What you should do ▸ Exactly as they appear, output all of the records. Skip any images.

Annotated photo localization data:
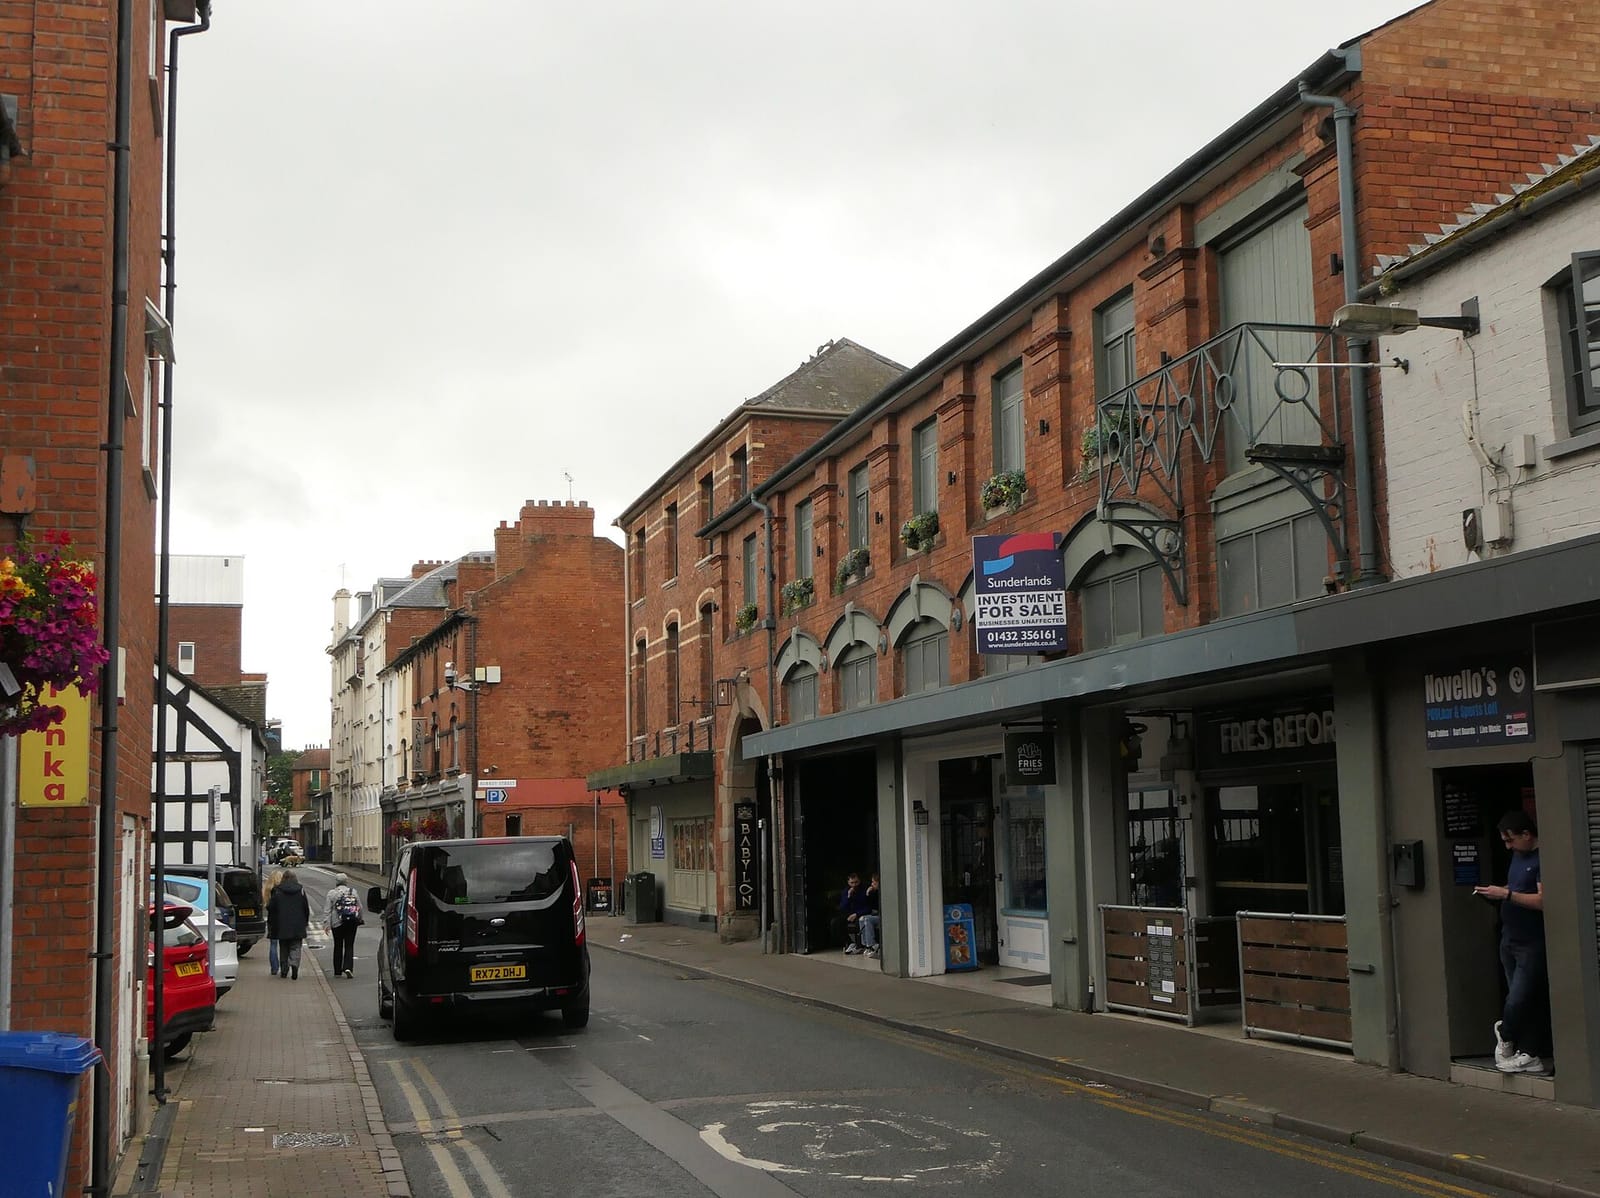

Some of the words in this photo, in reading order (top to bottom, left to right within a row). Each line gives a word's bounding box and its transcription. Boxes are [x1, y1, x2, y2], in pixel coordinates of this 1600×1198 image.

[987, 576, 1052, 588] Sunderlands
[978, 593, 1063, 605] INVESTMENT
[979, 606, 1013, 618] FOR
[1019, 604, 1063, 617] SALE
[987, 632, 1018, 642] 01432
[1020, 630, 1056, 640] 356161
[1424, 666, 1497, 704] Novello's
[1220, 718, 1272, 753] FRIES
[1018, 759, 1042, 768] FRIES
[738, 822, 753, 908] BABYLON
[475, 968, 501, 979] RX72
[503, 966, 522, 977] DHJ
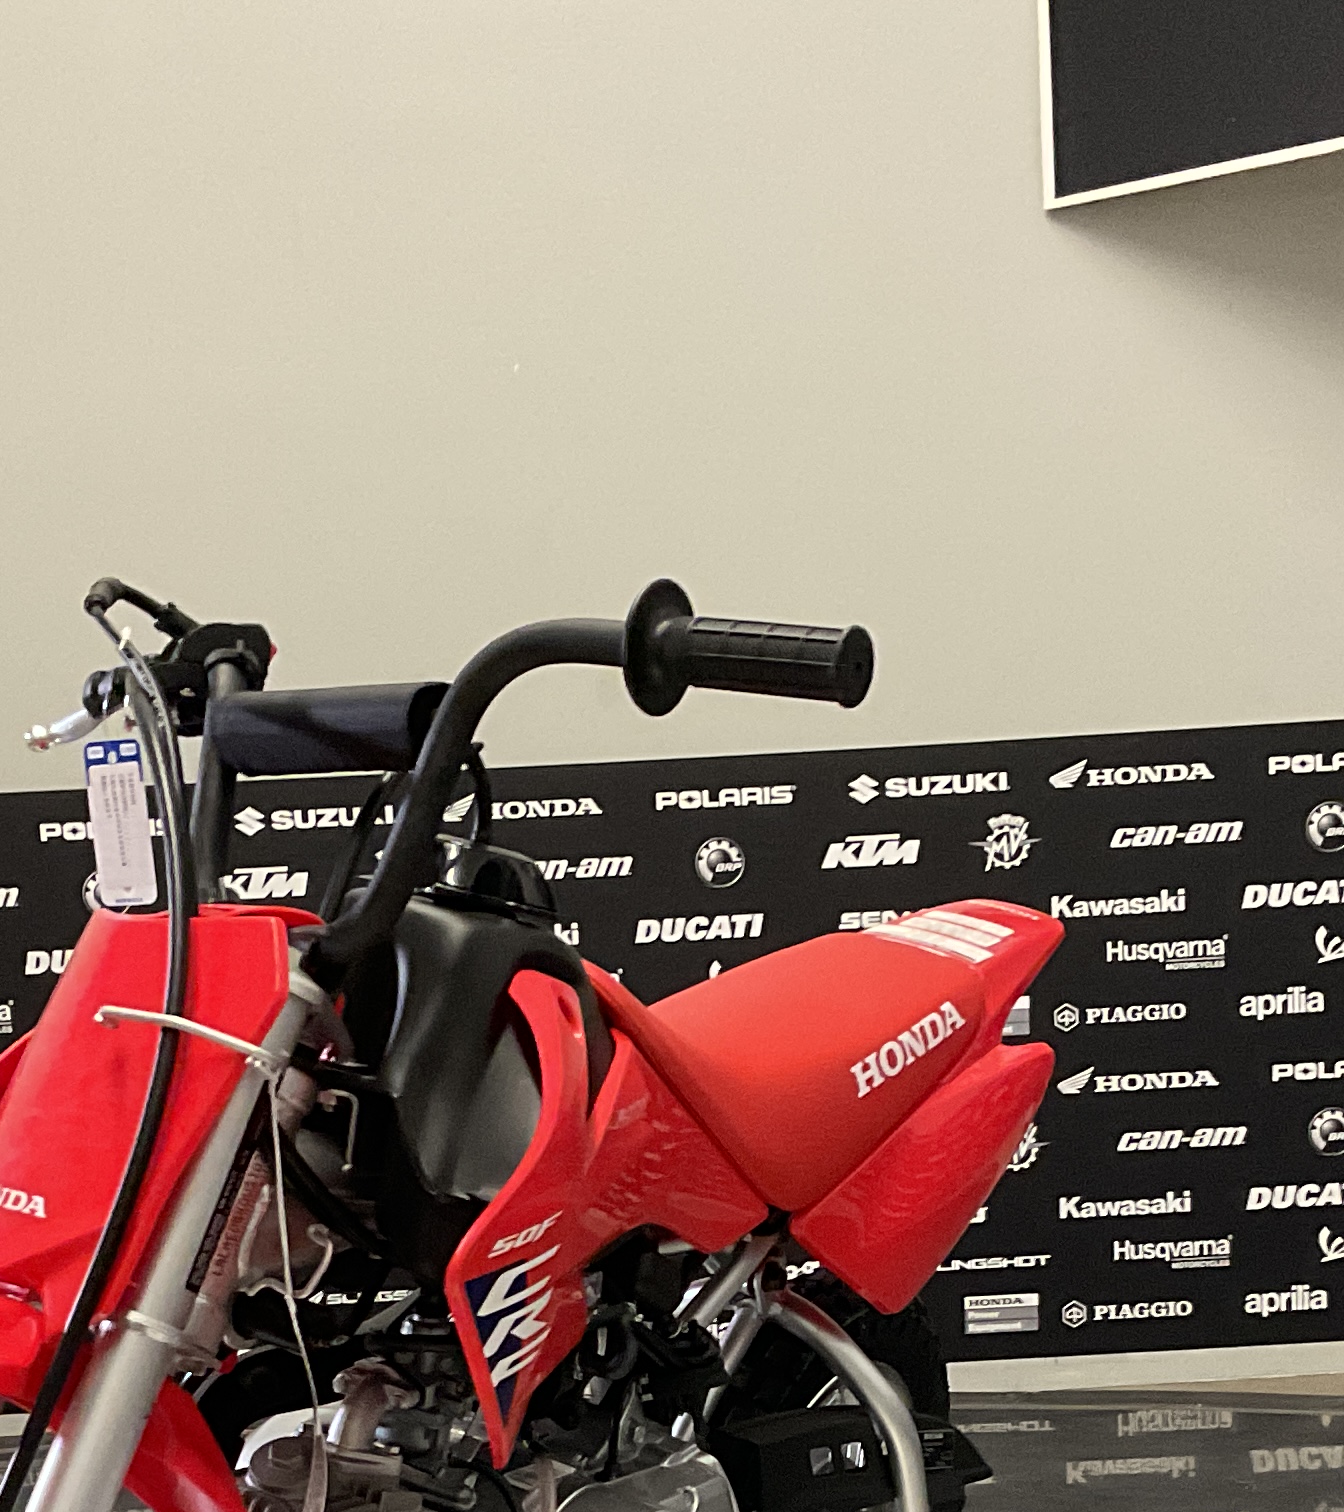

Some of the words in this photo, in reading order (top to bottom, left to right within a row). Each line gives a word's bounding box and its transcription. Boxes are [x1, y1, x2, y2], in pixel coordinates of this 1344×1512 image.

[884, 771, 1011, 798] SUZUKI
[1086, 762, 1216, 787] HONDA
[655, 784, 797, 811] POLARIS
[1109, 820, 1244, 849] can-am
[820, 833, 921, 870] KTM
[223, 866, 308, 900] KTM
[1050, 889, 1186, 918] Kawasaki
[634, 912, 765, 944] DUCATI
[1105, 934, 1226, 964] Husqvarna
[1085, 1002, 1187, 1025] PIAGGIO
[1239, 985, 1325, 1021] aprilia
[850, 1001, 966, 1098] HONDA
[1094, 1069, 1220, 1093] HONDA
[1116, 1125, 1248, 1152] can-am
[1058, 1189, 1192, 1220] Kawasaki
[1113, 1235, 1231, 1262] Husqvarna
[968, 1297, 1024, 1307] HONDA
[1092, 1300, 1193, 1321] PIAGGIO
[1243, 1283, 1329, 1318] aprilia

Written answer ▸
Some of the words in this photo, in reading order (top to bottom, left to right within a row). Each line gives a word's bounding box and its transcription. Boxes are [x1, y1, x2, y2], in pixel coordinates of this 1600×1198 image.

[987, 576, 1052, 588] Sunderlands
[978, 593, 1063, 605] INVESTMENT
[979, 606, 1013, 618] FOR
[1019, 604, 1063, 617] SALE
[987, 632, 1018, 642] 01432
[1020, 630, 1056, 640] 356161
[1424, 666, 1497, 704] Novello's
[1220, 718, 1272, 753] FRIES
[1018, 759, 1042, 768] FRIES
[738, 822, 753, 908] BABYLON
[475, 968, 501, 979] RX72
[503, 966, 522, 977] DHJ

Some of the words in this photo, in reading order (top to bottom, left to right within a row). Each line gives a word's bounding box and its transcription. Boxes are [x1, y1, x2, y2], in pixel coordinates of this 1344×1512 image.

[884, 771, 1011, 798] SUZUKI
[1086, 762, 1216, 787] HONDA
[655, 784, 797, 811] POLARIS
[1109, 820, 1244, 849] can-am
[820, 833, 921, 870] KTM
[223, 866, 308, 900] KTM
[1050, 889, 1186, 918] Kawasaki
[634, 912, 765, 944] DUCATI
[1105, 934, 1226, 964] Husqvarna
[1085, 1002, 1187, 1025] PIAGGIO
[1239, 985, 1325, 1021] aprilia
[850, 1001, 966, 1098] HONDA
[1094, 1069, 1220, 1093] HONDA
[1116, 1125, 1248, 1152] can-am
[1058, 1189, 1192, 1220] Kawasaki
[1113, 1235, 1231, 1262] Husqvarna
[968, 1297, 1024, 1307] HONDA
[1092, 1300, 1193, 1321] PIAGGIO
[1243, 1283, 1329, 1318] aprilia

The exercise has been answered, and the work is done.